[REQUIRED WORK] Set the data down exactly as it stands, and keep its pictures out.

[THE DATA]
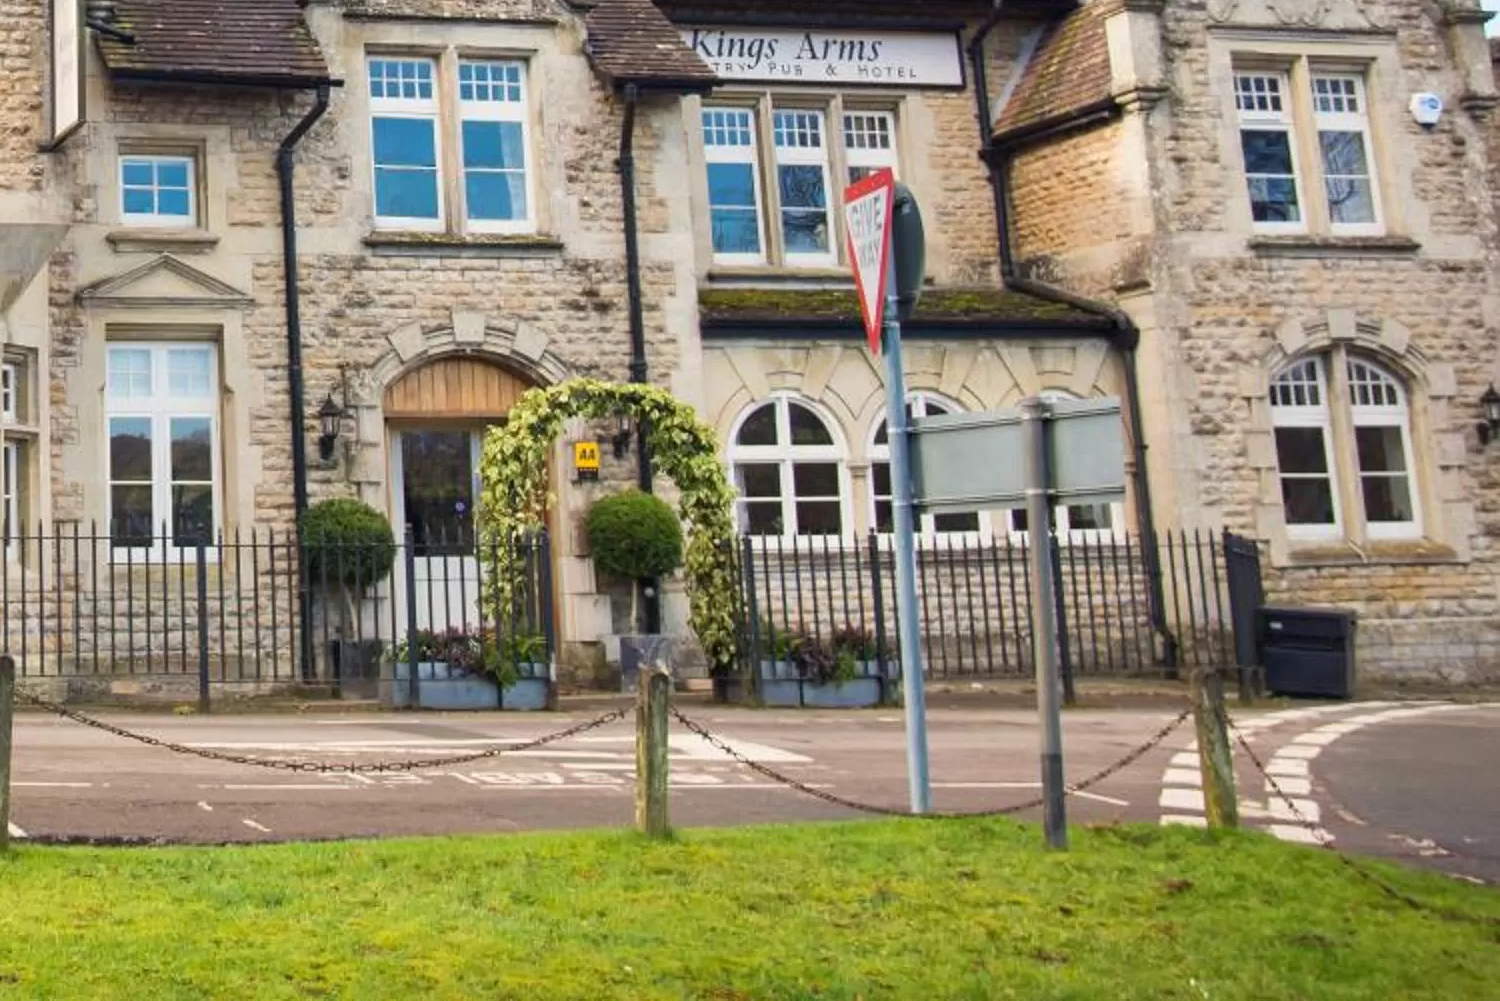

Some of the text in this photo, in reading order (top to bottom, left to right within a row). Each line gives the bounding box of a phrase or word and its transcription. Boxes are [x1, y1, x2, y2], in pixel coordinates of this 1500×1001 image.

[690, 28, 883, 70] Kings Arms
[825, 63, 838, 77] &
[856, 64, 917, 79] HOTEL
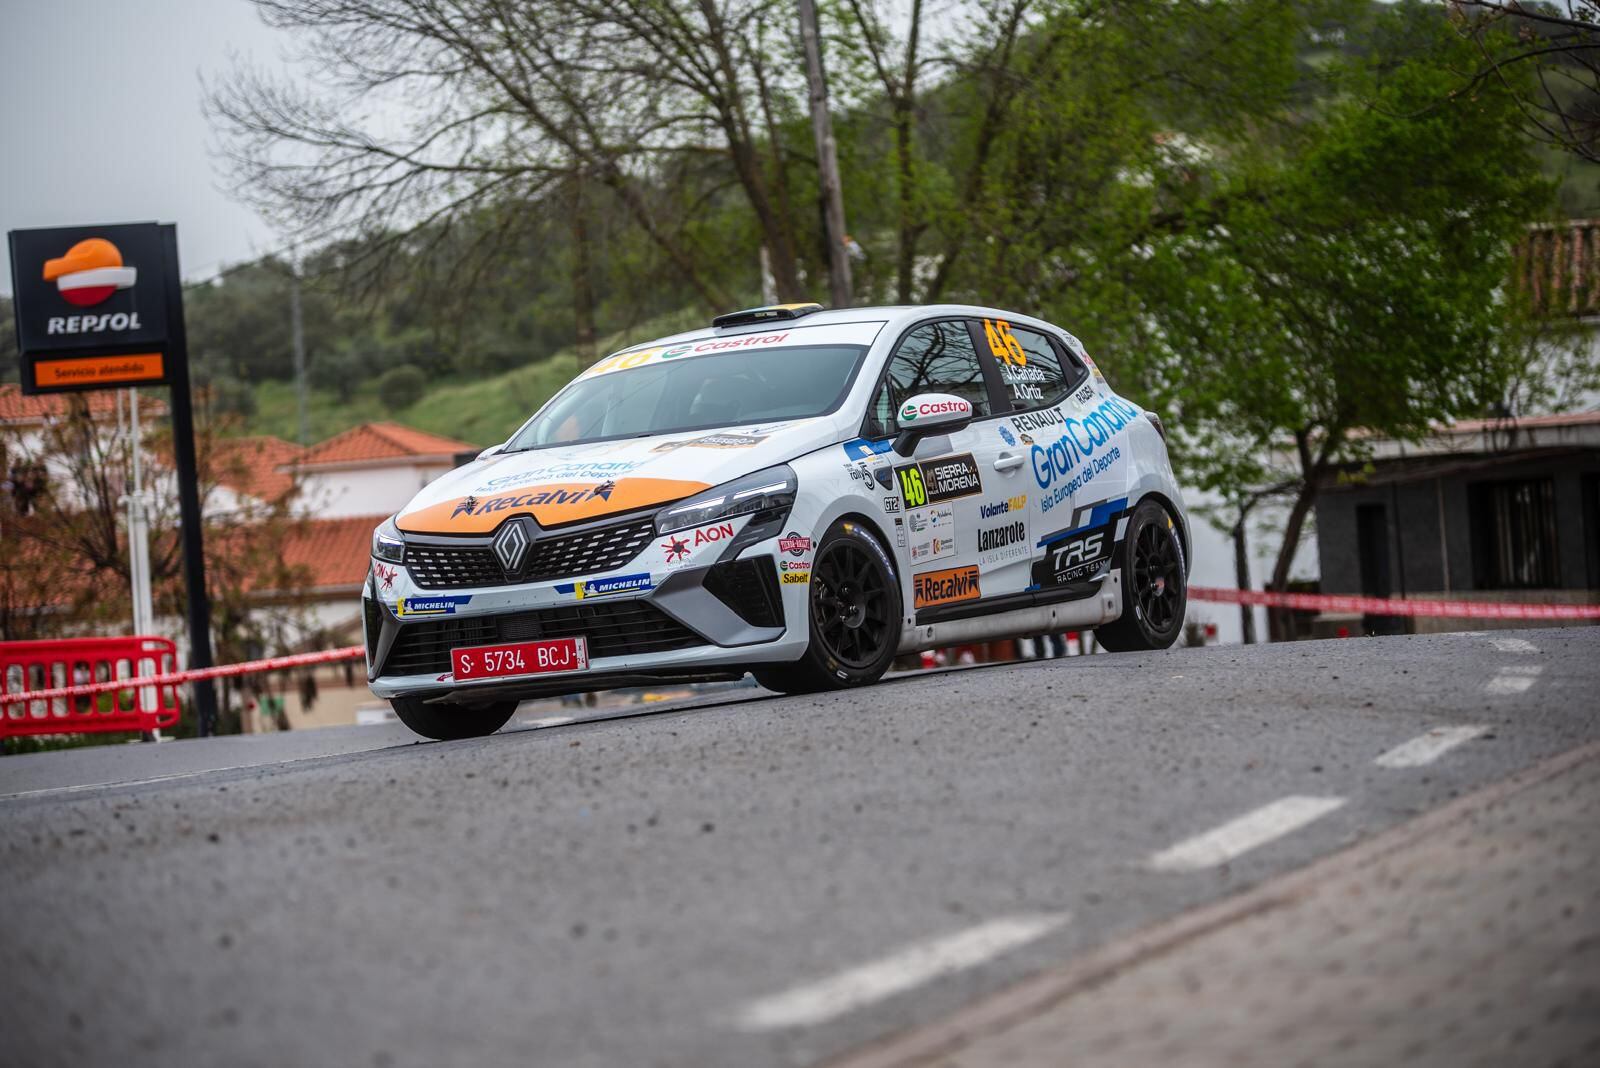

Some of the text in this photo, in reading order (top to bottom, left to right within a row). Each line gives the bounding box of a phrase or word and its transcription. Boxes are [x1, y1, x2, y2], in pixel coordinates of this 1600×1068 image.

[47, 312, 141, 335] REPSOL
[694, 333, 789, 353] Castrol
[983, 317, 1027, 366] 46
[1012, 383, 1044, 400] A.Ortiz
[919, 401, 969, 415] Castrol
[1010, 407, 1067, 433] RENAULT
[934, 462, 971, 481] SIERRA
[1030, 434, 1081, 490] Gran
[900, 467, 925, 507] 46
[938, 473, 980, 493] MORENA
[1040, 446, 1121, 514] Isla Europea del Deporte
[474, 488, 591, 516] Recalvi
[695, 523, 734, 547] AON
[977, 520, 1025, 553] Lanzarote
[1053, 532, 1104, 570] TRS
[598, 579, 650, 592] MICHELIN
[783, 573, 808, 584] Sabelt
[924, 571, 968, 602] Recalvi
[1056, 568, 1084, 584] RACING
[413, 601, 455, 610] MICHELIN
[484, 649, 526, 672] 5734
[537, 645, 570, 667] BCJ

[TASK RESPONSE]
Some of the text in this photo, in reading order (top to bottom, left to right within a row). Each line gives the bounding box of a phrase or word and its transcription. Boxes are [x1, y1, x2, y2], in pixel coordinates of this 1500×1001 image.

[690, 28, 883, 70] Kings Arms
[825, 63, 838, 77] &
[856, 64, 917, 79] HOTEL

Some of the text in this photo, in reading order (top to bottom, left to right within a row). Each line gives the bounding box of a phrase or word and its transcription. Boxes are [x1, y1, x2, y2], in pixel coordinates of this 1600×1068 image.

[47, 312, 141, 335] REPSOL
[694, 333, 789, 353] Castrol
[983, 317, 1027, 366] 46
[1012, 383, 1044, 400] A.Ortiz
[919, 401, 969, 415] Castrol
[1010, 407, 1067, 433] RENAULT
[934, 462, 971, 481] SIERRA
[1030, 434, 1081, 490] Gran
[900, 467, 925, 507] 46
[938, 473, 980, 493] MORENA
[1040, 446, 1121, 514] Isla Europea del Deporte
[474, 488, 591, 516] Recalvi
[695, 523, 734, 547] AON
[977, 520, 1025, 553] Lanzarote
[1053, 532, 1104, 570] TRS
[598, 579, 650, 592] MICHELIN
[783, 573, 808, 584] Sabelt
[924, 571, 968, 602] Recalvi
[1056, 568, 1084, 584] RACING
[413, 601, 455, 610] MICHELIN
[484, 649, 526, 672] 5734
[537, 645, 570, 667] BCJ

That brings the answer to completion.